Kosovo Serb Cop Shot in 3rd Albanian Attack This Month

Reuters - Sep 28, 2005 
http://www.alertnet.org/thenews/newsdesk/ROB866969.htm 


Reuters - Sept. 28, 2005 


Senior Kosovo Serb police officer shot and wounded 


By Shaban Buza 


PRISTINA, Serbia and Montenegro - The most senior Serb police officer in 
Kosovo was shot and wounded on Wednesday in the third such attack in a 
southern pocket of the majority-Albanian province over the past month. 


Dejan Jankovic, 30, the chief of police in Gnjilane, was wounded when his 
vehicle came under fire near in the southern region of Kacanik at around 
6.00 pm (1600 GMT), Kosovo police spokesman Refki Morina told Reuters. 


"He was injured in his arm and taken to Pristina hospital," said Morina. His

injuries are not life threatening.... 


There are several hundred Serbs within Kosovo's 7,000-strong multi-ethnic 
police force. Jankovic was promoted to the rank of regional commander two 
weeks ago, becoming the highest ranking Serb in the force. 


The attack follows the killing of two Serb men and wounding of a Serb 
policeman in drive-by shootings on Aug. 27 and Sept. 10 in the region of 
Strpce, a few kilometres west of Kacanik. The area lies at the foot of 
Kosovo's mountainous border with Macedonia. 

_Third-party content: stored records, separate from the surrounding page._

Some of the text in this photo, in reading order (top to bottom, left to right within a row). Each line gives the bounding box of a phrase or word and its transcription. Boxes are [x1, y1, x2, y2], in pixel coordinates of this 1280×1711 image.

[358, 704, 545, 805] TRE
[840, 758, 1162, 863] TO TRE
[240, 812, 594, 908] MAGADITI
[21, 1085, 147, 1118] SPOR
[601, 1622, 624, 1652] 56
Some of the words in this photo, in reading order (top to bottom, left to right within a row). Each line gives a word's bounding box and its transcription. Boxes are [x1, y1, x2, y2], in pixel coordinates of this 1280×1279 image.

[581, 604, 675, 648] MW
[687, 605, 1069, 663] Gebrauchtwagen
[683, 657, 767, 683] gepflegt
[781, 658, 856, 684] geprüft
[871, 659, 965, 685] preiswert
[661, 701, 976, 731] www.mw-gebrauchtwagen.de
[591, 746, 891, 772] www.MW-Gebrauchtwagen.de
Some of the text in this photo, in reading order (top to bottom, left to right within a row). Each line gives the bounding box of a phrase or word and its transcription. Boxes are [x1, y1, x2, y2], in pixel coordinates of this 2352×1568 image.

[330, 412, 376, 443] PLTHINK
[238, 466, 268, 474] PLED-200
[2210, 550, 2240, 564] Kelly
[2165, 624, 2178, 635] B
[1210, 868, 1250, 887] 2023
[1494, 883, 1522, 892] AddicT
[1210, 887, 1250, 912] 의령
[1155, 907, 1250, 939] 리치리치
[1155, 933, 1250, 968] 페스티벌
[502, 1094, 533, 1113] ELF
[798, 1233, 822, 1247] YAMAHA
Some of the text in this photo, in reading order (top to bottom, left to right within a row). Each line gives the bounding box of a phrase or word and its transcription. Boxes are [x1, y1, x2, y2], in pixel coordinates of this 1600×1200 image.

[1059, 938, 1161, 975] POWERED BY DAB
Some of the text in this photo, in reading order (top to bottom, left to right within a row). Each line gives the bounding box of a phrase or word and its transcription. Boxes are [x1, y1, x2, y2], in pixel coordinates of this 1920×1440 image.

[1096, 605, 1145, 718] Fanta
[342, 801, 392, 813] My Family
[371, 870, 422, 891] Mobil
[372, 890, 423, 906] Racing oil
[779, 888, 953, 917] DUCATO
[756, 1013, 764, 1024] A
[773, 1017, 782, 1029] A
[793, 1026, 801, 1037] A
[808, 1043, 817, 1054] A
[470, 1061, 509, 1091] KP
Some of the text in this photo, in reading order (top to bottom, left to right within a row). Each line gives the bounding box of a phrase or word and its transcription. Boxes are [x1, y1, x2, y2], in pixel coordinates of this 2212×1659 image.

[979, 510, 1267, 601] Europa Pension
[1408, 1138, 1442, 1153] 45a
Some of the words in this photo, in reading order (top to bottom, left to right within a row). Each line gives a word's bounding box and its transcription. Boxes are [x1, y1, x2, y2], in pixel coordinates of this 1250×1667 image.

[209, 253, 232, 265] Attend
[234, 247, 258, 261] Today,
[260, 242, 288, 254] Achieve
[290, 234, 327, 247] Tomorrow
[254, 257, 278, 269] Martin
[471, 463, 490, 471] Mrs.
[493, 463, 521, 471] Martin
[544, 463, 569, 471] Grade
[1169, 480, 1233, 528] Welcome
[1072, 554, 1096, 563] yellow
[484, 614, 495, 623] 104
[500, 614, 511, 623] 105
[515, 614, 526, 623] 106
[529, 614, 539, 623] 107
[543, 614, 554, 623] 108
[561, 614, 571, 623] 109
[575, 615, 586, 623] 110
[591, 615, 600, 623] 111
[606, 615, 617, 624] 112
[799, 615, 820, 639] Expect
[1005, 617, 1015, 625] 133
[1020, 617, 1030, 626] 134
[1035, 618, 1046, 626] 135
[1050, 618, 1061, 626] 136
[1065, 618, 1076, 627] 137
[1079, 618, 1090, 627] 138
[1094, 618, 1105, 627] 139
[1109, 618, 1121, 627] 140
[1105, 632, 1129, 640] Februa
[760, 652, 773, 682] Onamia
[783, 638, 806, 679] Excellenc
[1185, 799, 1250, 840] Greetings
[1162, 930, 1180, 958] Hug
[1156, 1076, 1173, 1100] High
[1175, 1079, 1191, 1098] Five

The United Nations, which has run the province since NATO bombing drove out 
Serb forces in 1999, has refused to speculate on possible motives and made 
no arrests. 


But Serb leaders in Belgrade blame what they call ethnic Albanian extremists

trying to clinch independence by force as Kosovo nears negotiations on its 
final status. 


Legally part of Serbia, Kosovo became a U.N. protectorate in 1999 after 
Western powers intervened.... 


Kosovo's 90-percent ethnic Albanian majority want formal independence, which

Serbia says is impossible. 


Thousands of Serbs fled a wave of revenge attacks after the war. Some 
100,000 remain, many in isolated enclaves patrolled by members of a 17,000 
NATO-led peacekeeping force. 


The United Nations expects to open status negotiations this year, possibly 
in November.  U.N. special envoy Kai Eide will next week recommend the start

of U.N.-mediated talks to determine the final status of Serbia's breakaway 
Kosovo province, a European diplomat said on Wednesday. 


U.N. and NATO officials have warned of a possible upsurge in violence as 
Kosovo nears those talks, viewed with bitterness by many Albanians who 
resent the idea of negotiating with Serbia.